Zoran Todorović

Personal information
- Born: July 9, 1967 (age 58) Smederevo, SR Serbia, SFR Yugoslavia
- Nationality: Serbian

Career information
- NBA draft: 1989: undrafted
- Playing career: 1985–1997
- Position: Point guard
- Coaching career: 1999–present

Career history

As a coach:
- 1999–2001: Smederevo 1953
- 2001–2003: Swisslion Vršac
- 2003–2005: Smederevo 1953
- 2005–2006: FMP (youth)
- 2006–2007: Pelister
- 2007–2008: Proleter Naftagas
- 2008–2017: Smederevo 1953
- 2017: Kragujevački Radnički
- 2017, 2018–2019: Mladost SP
- 2019: Pelister
- 2020: Vršac

= Zoran Todorović =

Serbian basketball player and coach

Zoran Todorović (Зоран Тодоровић; born July 9, 1967) is a Serbian basketball coach and former player.

== Playing career ==
Todorović played for Smederevo 1953, Goša from Smederevska Palanka, and Radnički Kovin. He also played in the 1995–96 season for the Apollon Limassol of the Cyprus Division A.

== Coaching career ==
Todorović started his coaching career in 1999 with Smederevo 1953. In 2001, he had moved to Swisslion Vršac where he stayed until 2003. In 2003, once again he signed with Smederevo.
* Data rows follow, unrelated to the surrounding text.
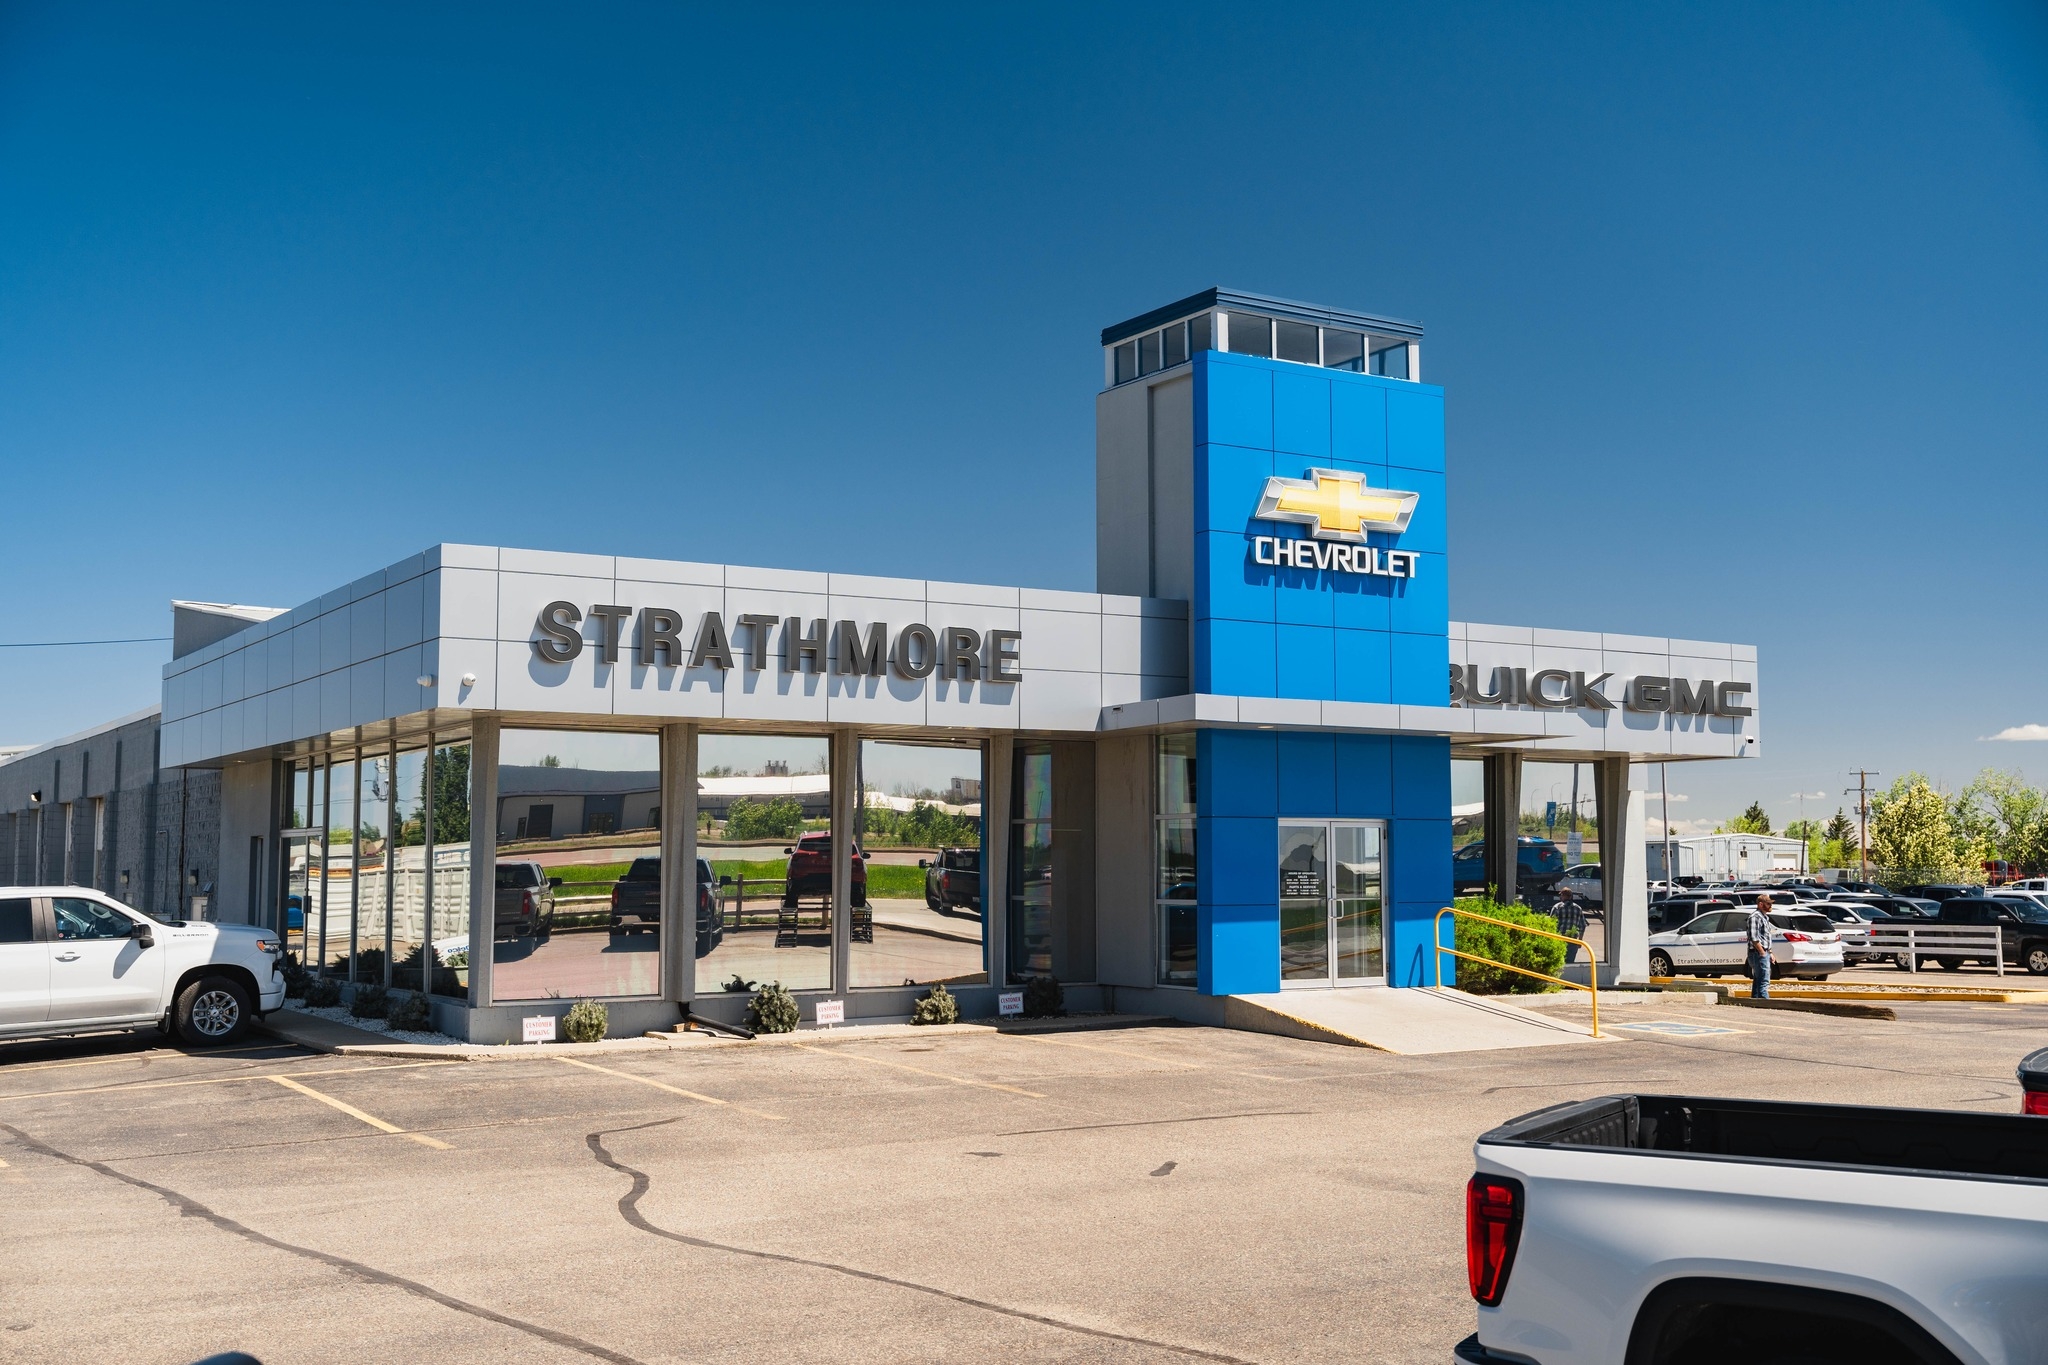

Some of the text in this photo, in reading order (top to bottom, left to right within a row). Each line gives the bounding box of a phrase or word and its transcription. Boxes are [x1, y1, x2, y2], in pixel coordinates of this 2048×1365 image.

[1253, 536, 1421, 578] CHEVROLET
[537, 600, 1022, 683] STRATHMORE
[1628, 675, 1752, 717] GMC
[1677, 957, 1743, 965] StrathmoreMotors.com
[525, 1021, 553, 1029] CUSTOMER
[528, 1029, 550, 1037] PARKING
After two seasons he became a youth coach for the FMP. In 2006–07 season he coached Pelister of the Macedonian First League. In next season, he coached Proleter Naftagas of the Second Basketball League of Serbia.

In September 2017, Todorović was named a head coach for Kragujevački Radnički of the Basketball League of Serbia. After four losses in first four games on the start of 2017–18 season, he resigned.
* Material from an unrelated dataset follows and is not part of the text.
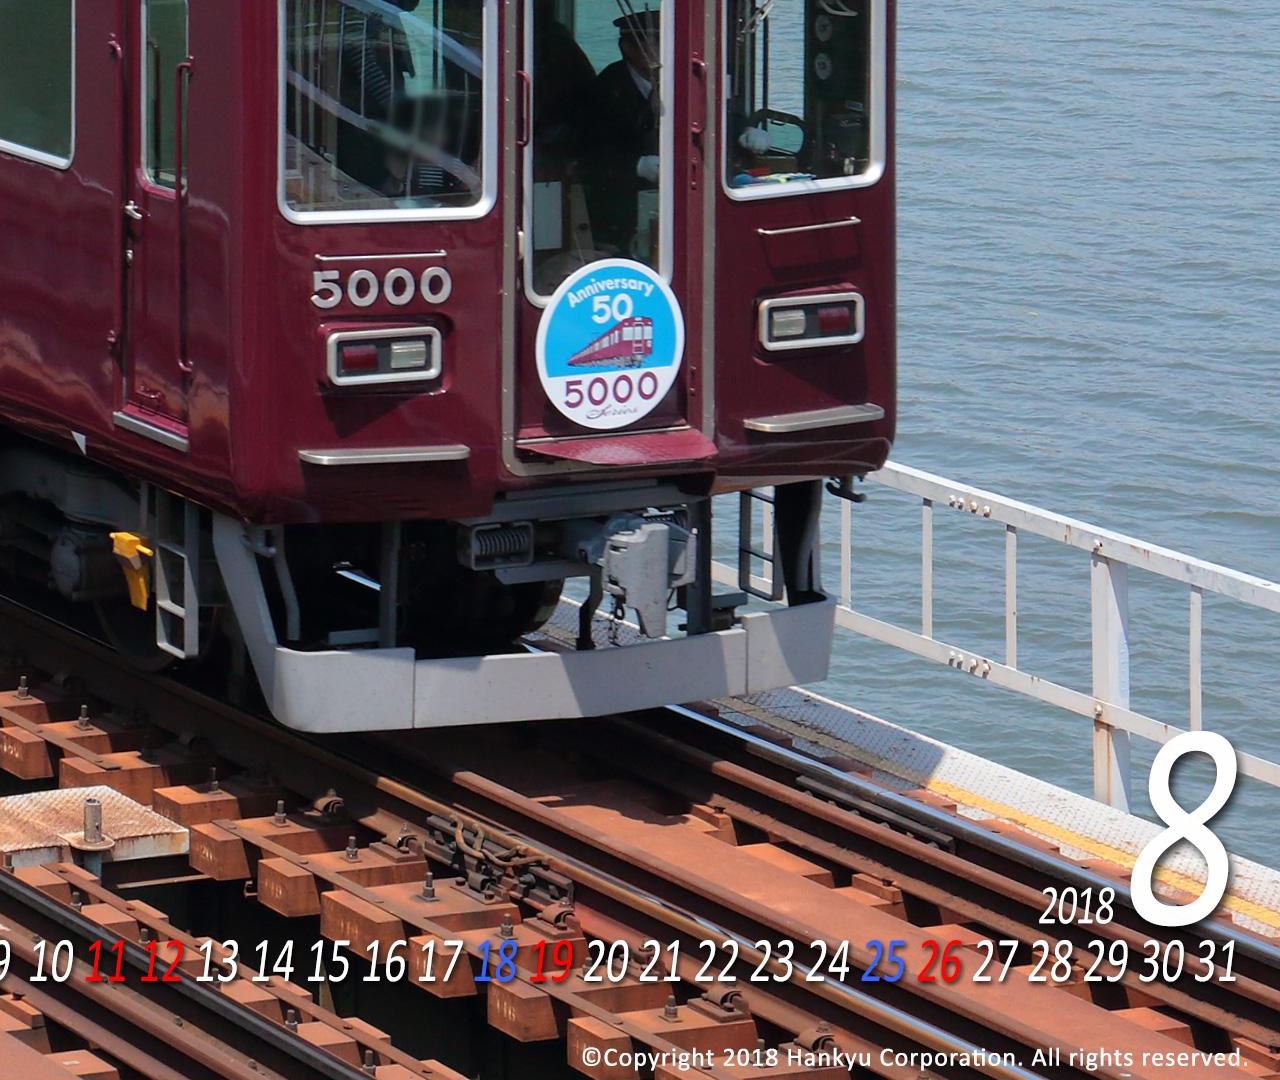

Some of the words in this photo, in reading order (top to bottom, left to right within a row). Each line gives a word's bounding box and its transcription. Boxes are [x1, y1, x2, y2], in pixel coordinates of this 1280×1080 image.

On 6 February 2020, Todorović was named a head coach for Vršac. On 2 November 2020, Vršac parted ways with him.

=== National youth teams ===
Todorović was an assistant coach for the Serbian men's university team in 2012 and 2013.

On 17 December 2015, Todorović was named as the head coach of the Serbia men's B national team. On 8 February 2017, he became the head coach of the Serbian men's university team. His team took 4th place at the 2017 Summer Universiade in Taipei, Taiwan.